11

5K 276 0
                                    

"Keadaan Mama gimana?" Kalimat pertama yang ia lontarkan saat mendudukkan dirinya pada sebuah sofa.

"Mama baik-baik aja kok," ucap wanita paruh baya itu tersenyum usai meneguk secangkir tehnya.

"Airelhan bilang kemarin Mama kepeleset di kamar mandi."

"Adik kamu bilang begitu?" Membuat yang ditanya mengangguk mantap.

"Makanya Anas ke sini," jawabnya.

Wanita paruh baya itu menghela napas pasrah, "Mama sudah bilang sama adikmu untuk tidak menemuimu, tapi tetap saja ngotot pulang ke Indo."

"Gak apa-apa kok, Ma. Justru Anas senang, itu artinya Relhan khawatir sama Mama."

"Kamu? Naik apa kamu ke sini? Pesawat?"

Lelaki itu menggeleng. "Anas pakai jet pribadi Papa, mumpung beliau ada di Indo ngurus perusahaannya."

Mendengar jawaban sang anak, wanita itu menghela napas. "Kamu masih enggan untuk bergabung bersama papamu?"

"Enggak, Ma. Anas senang dengan pekerjaan yang sekarang kok meski suatu saat Anas tetap lepasin demi nerusin usaha Papa."
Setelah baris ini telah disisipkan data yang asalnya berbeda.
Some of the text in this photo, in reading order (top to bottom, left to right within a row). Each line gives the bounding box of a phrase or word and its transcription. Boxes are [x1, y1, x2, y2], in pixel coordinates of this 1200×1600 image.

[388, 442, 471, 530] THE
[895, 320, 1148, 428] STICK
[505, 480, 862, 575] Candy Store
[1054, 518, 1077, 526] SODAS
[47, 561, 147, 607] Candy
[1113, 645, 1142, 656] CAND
Wanita itu mengangguk paham. Ya, itu sudah menjadi kesepakatan mereka. Saat papanya telah pensiun dari perusahaan yang dirintisnya maka mau tidak mau Anas-lah yang akan menggantikan beliau.

"Bagaimana pekerjaanmu?" tanya wanita itu lagi.
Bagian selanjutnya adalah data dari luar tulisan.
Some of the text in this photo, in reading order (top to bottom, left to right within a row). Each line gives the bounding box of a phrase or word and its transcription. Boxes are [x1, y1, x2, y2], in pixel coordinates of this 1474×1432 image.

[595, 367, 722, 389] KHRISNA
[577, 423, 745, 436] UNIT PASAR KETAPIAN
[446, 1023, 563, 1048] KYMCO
"Hmmm, seperti biasanya, Ma."

Wanita itu tersenyum mendengar jawaban putranya. Selalu sama saat ia menanyakan pertanyaan yang sama.

"Apa di sana tak ada yang menarik? Hmmm?" goda mamanya.

Membuat Anas menggeleng cepat. "Mama jangan mulai deh," ucapnya merajuk.

Mamanya tertawa pelan. "Kau itu, selalu saja begitu bila Mama menggodamu. Serius tidak ada yang menarik di sana? Rekan kerjamu mungkin?"

"Ya, Mama. Anas ke sini buat nemuin Mama loh, bukan malah ngomongin Mama."

Sang Mama beranjak dari duduknya dan memilih duduk di samping Anas sembari mengusap-usap bahunya. "Cobalah untuk mencari, Nas, jika tak ingin dijodoh-jodohkan oleh papamu."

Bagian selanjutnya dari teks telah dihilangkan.